Methods. This was a 25-week randomised study consucted in two specialised centres in Estonia. After the 5-week screening phase, 20 adult subjects with type 1 diabetes receiving multiple injections with insulin glargine 1–2 times daily and a short-acting analogue (lispro, aspart, or glulisine) 3 times daily were randomised into 2 groups: the first group (n = 12) were given glycometer test strips free of charge and they committed to perform SMBG at least 4 times daily; the control group (n = 8) continued to perform SMBG according to their previous habits, using test strips reimbursed by the Estonian Health Insurance Fund (600 per year, average 1.6 per day). In addition, the control group was asked to perform the 5-point blood glucose profi le once weekly. After the randomisation all subjects were scheduled for 6 visits (including 2 phone call visits). The HbA1c was measured 8 weeks and 20 weeks after the randomisation. Diff erences in the decrease of HbA1c were compared using the Mann-Whitney U-test.

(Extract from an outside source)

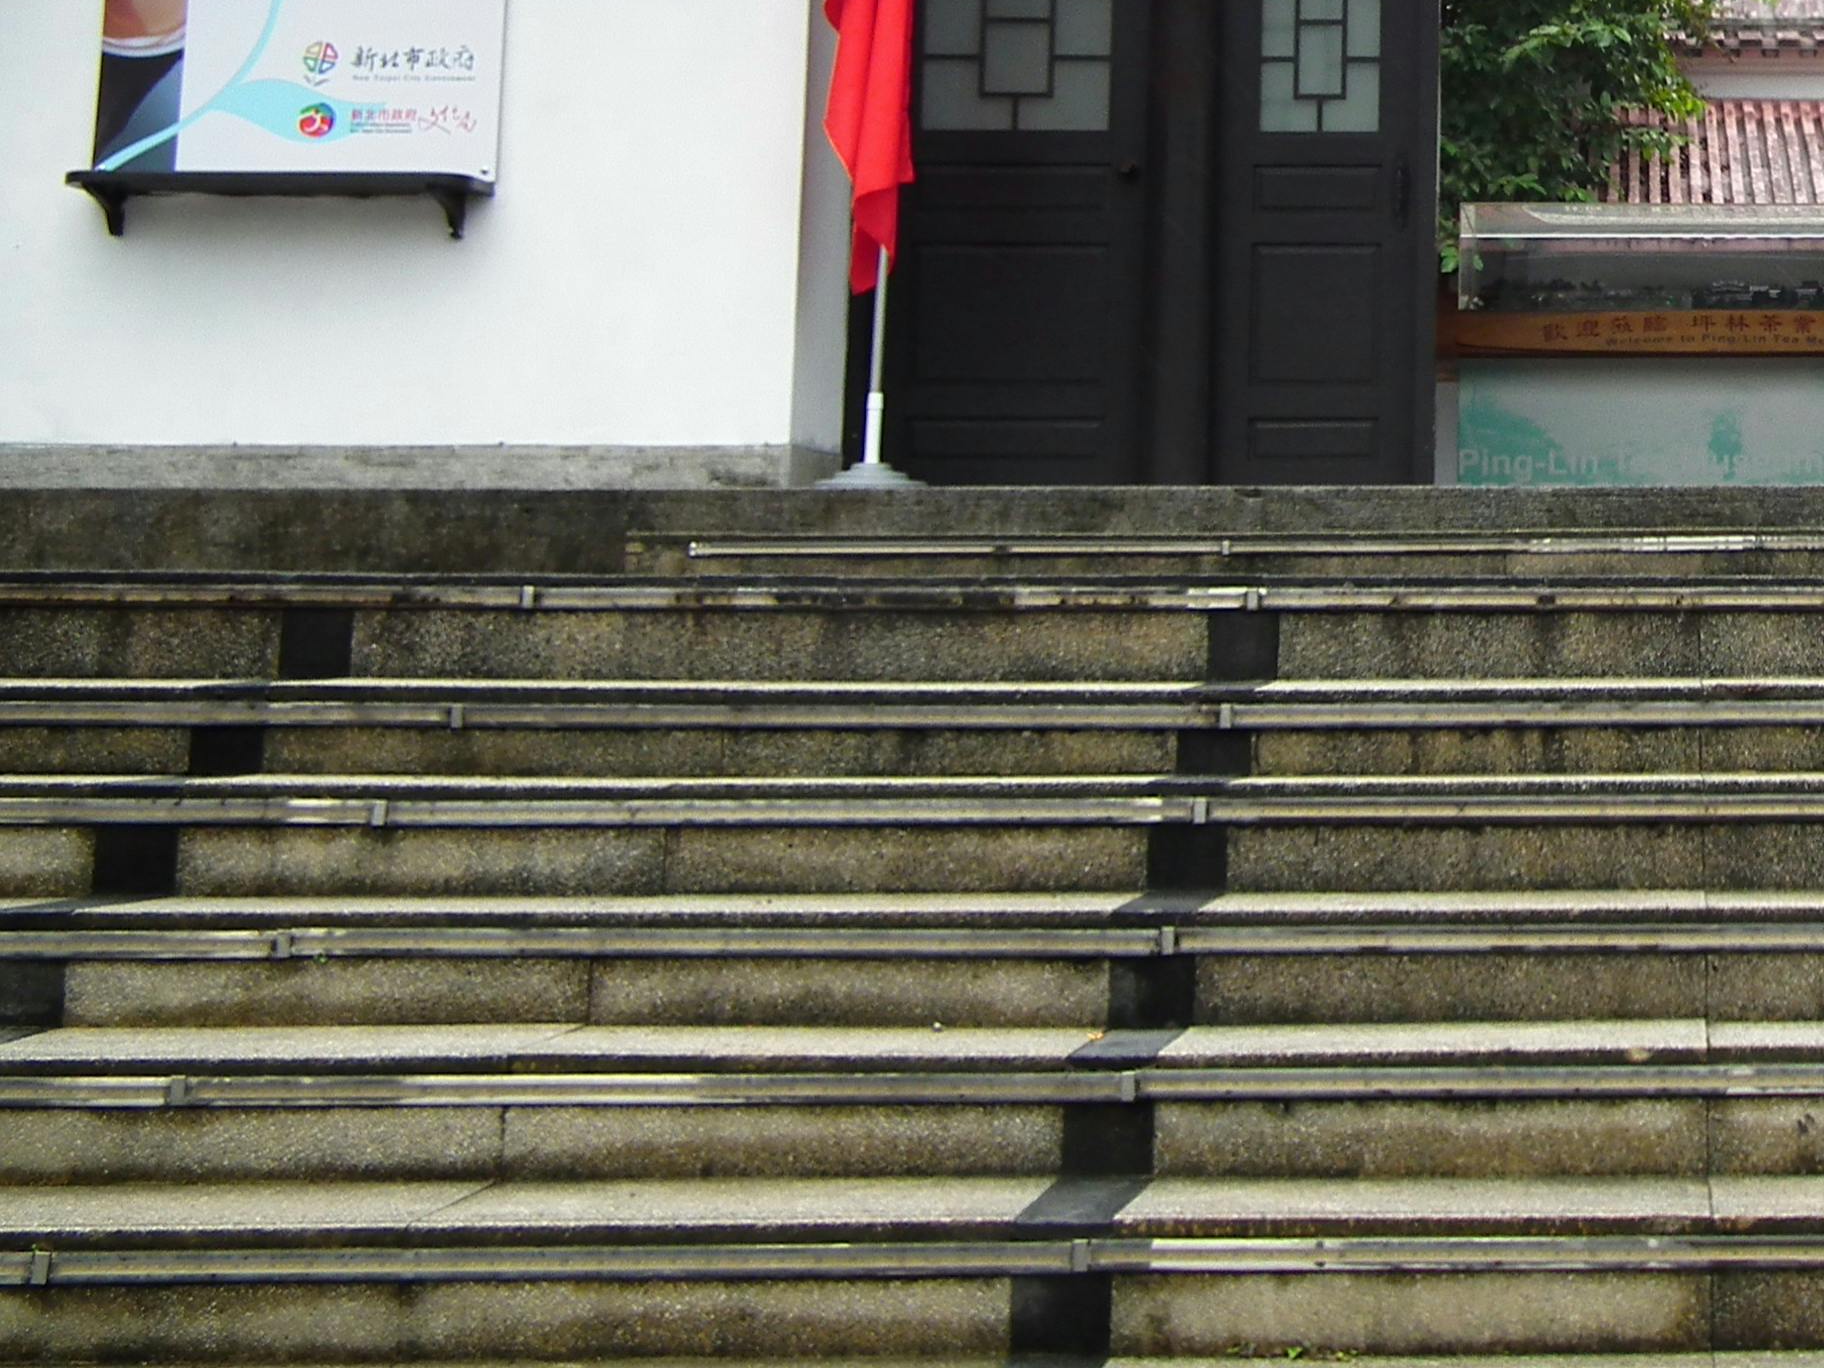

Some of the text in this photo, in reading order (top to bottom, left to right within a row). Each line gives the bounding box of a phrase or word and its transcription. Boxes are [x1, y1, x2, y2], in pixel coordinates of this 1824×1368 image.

Results. In the intensive SMBG group, the mean HbA1c was 9.04% (95% CI = 8.71–9.37%) at randomisation, and it dropped to 8.08% (95% CI = 7.69–8.48%) by the end of the study. In the control group, the mean HbA1c was 8.54% (95% CI = 8.22–8.86%) and 8.74% (95% CI = 8.36–9.11%) at randomisation and at the end of the study, respectively. This translated to a mean decrease of 0.96% in HbA1c (95% CI = -1.19 – -0.73%) in the intervention group, while in the control group, HbA1c increased by 0.2% (95% CI = -0.05–0.45%) (p < 0.001). None of the study subjects had major hypoglycaemia episodes. Four subjects in the intensive SMBG group, and 6 subjects in the control group experienced nocturnal hypoglycaemia; the total event rate was 19 and 13 in the intensive SMBG group and in the control group, respectively.

Conclusions. Intensive SMBG significantly improves glycaemic control in patients with type 1 diabetes without an increased risk of major or nocturnal hypoglycaemia. However, in inadequately compensated patients, HbA1c < 7% (< 53 mmol/mol) remains a challenge despite intensive insulin treatment and frequent SMBG.